**Exercise goal**
Nothing should appear in the answer except the lines from the one containing "Some of the words" through the end of the listing, repeated exactly.

**Exercise input**
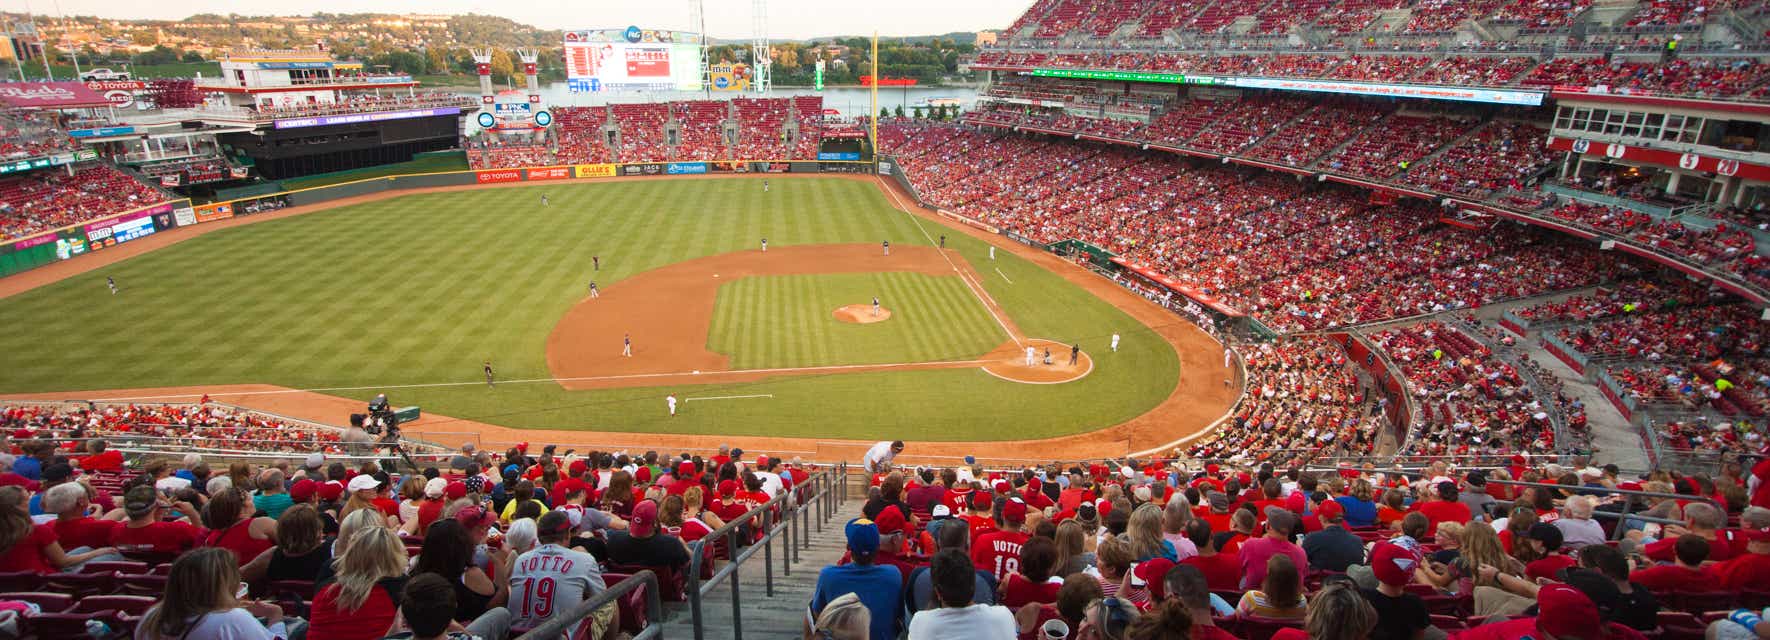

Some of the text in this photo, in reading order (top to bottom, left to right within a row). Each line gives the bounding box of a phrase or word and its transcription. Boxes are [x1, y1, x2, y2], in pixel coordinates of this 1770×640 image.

[103, 81, 140, 89] TOYOTA
[1685, 153, 1694, 167] 5
[521, 555, 574, 574] VOTTO
[520, 577, 556, 619] 19
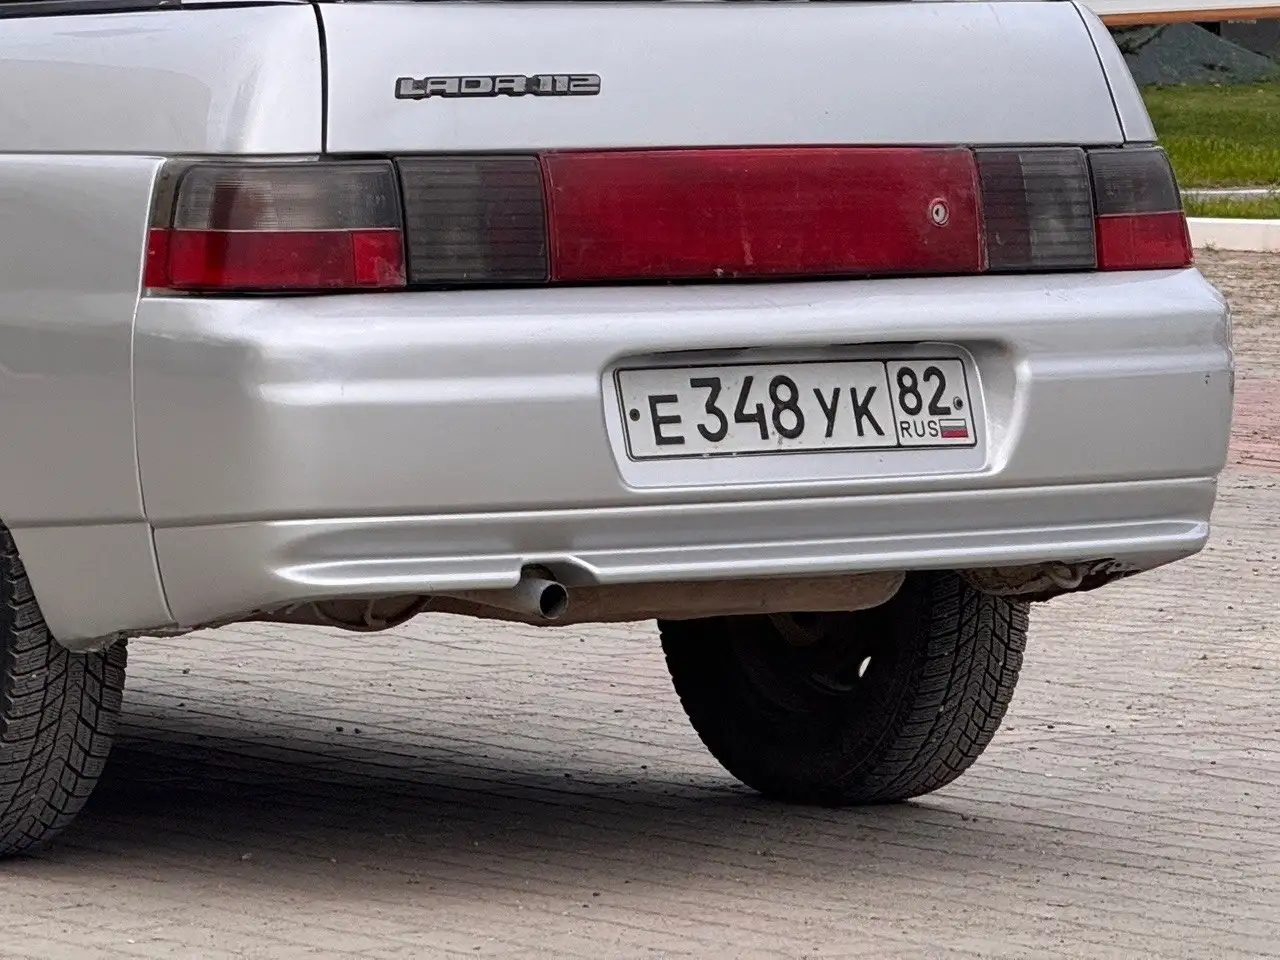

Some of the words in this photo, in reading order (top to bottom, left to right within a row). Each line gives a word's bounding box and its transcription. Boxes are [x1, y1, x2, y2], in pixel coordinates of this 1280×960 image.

[395, 75, 528, 100] LADA
[535, 73, 602, 97] 112
[896, 366, 951, 416] 82
[900, 419, 938, 439] RUS

**Solution**
Some of the words in this photo, in reading order (top to bottom, left to right within a row). Each line gives a word's bounding box and its transcription. Boxes are [x1, y1, x2, y2], in pixel coordinates of this 1280×960 image.

[395, 75, 528, 100] LADA
[535, 73, 602, 97] 112
[896, 366, 951, 416] 82
[900, 419, 938, 439] RUS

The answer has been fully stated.